Work order:
An image-free, exact copy of the records below is required.
====
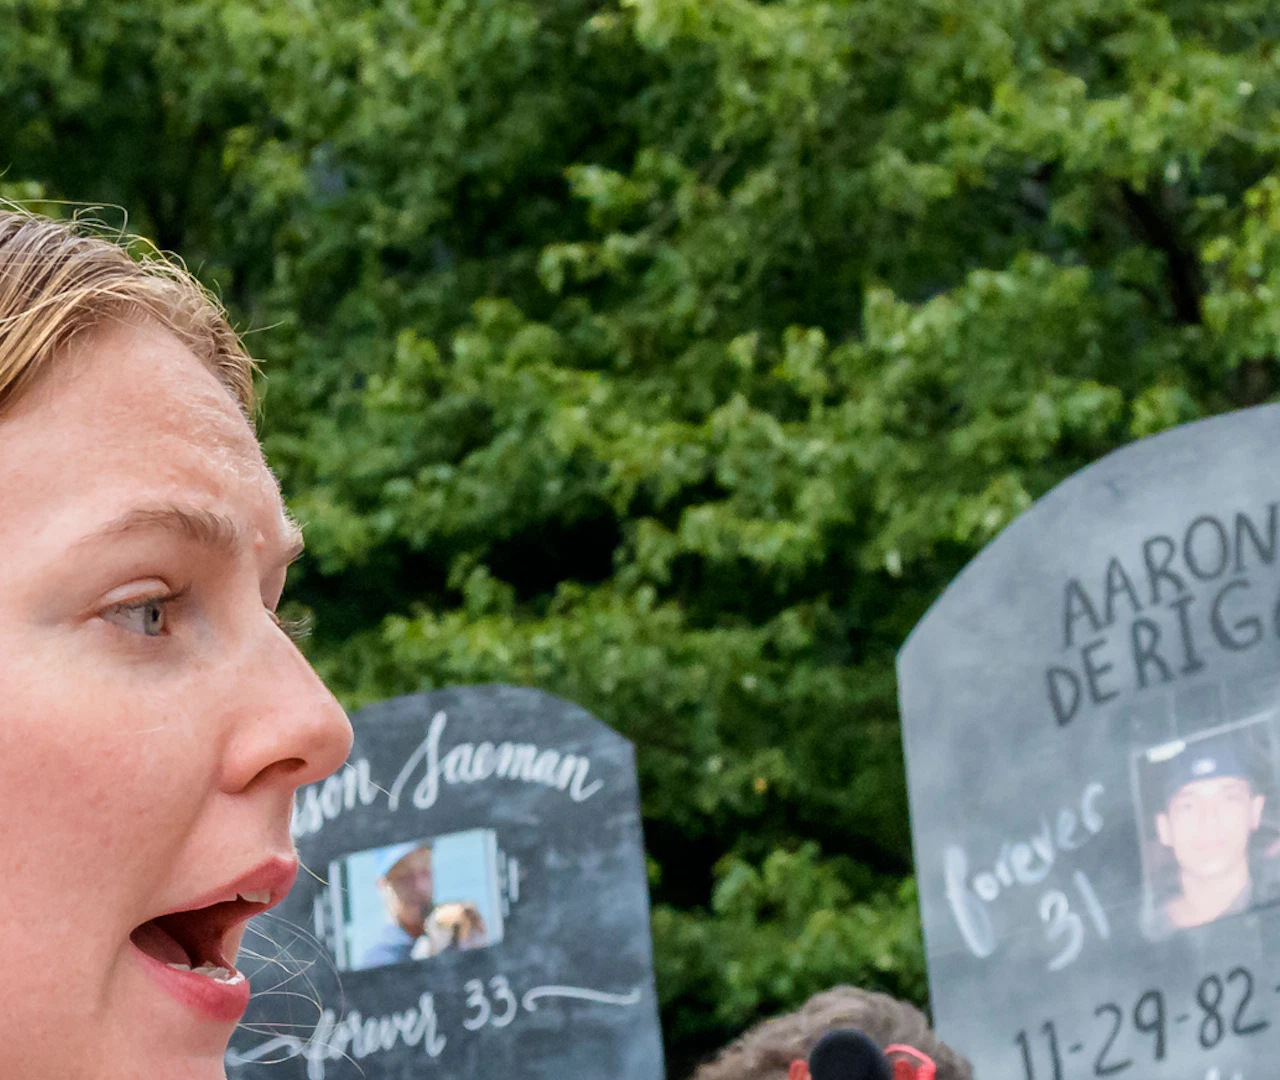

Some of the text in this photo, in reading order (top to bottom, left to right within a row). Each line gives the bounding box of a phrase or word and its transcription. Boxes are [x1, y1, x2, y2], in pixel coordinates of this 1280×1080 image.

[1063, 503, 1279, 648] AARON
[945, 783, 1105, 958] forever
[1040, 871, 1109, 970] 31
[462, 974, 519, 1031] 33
====
Exercise solution:
Some of the text in this photo, in reading order (top to bottom, left to right within a row). Each line gives the bounding box of a phrase or word and its transcription. Boxes are [x1, y1, x2, y2], in pixel coordinates of this 1280×1080 image.

[1063, 503, 1279, 648] AARON
[945, 783, 1105, 958] forever
[1040, 871, 1109, 970] 31
[462, 974, 519, 1031] 33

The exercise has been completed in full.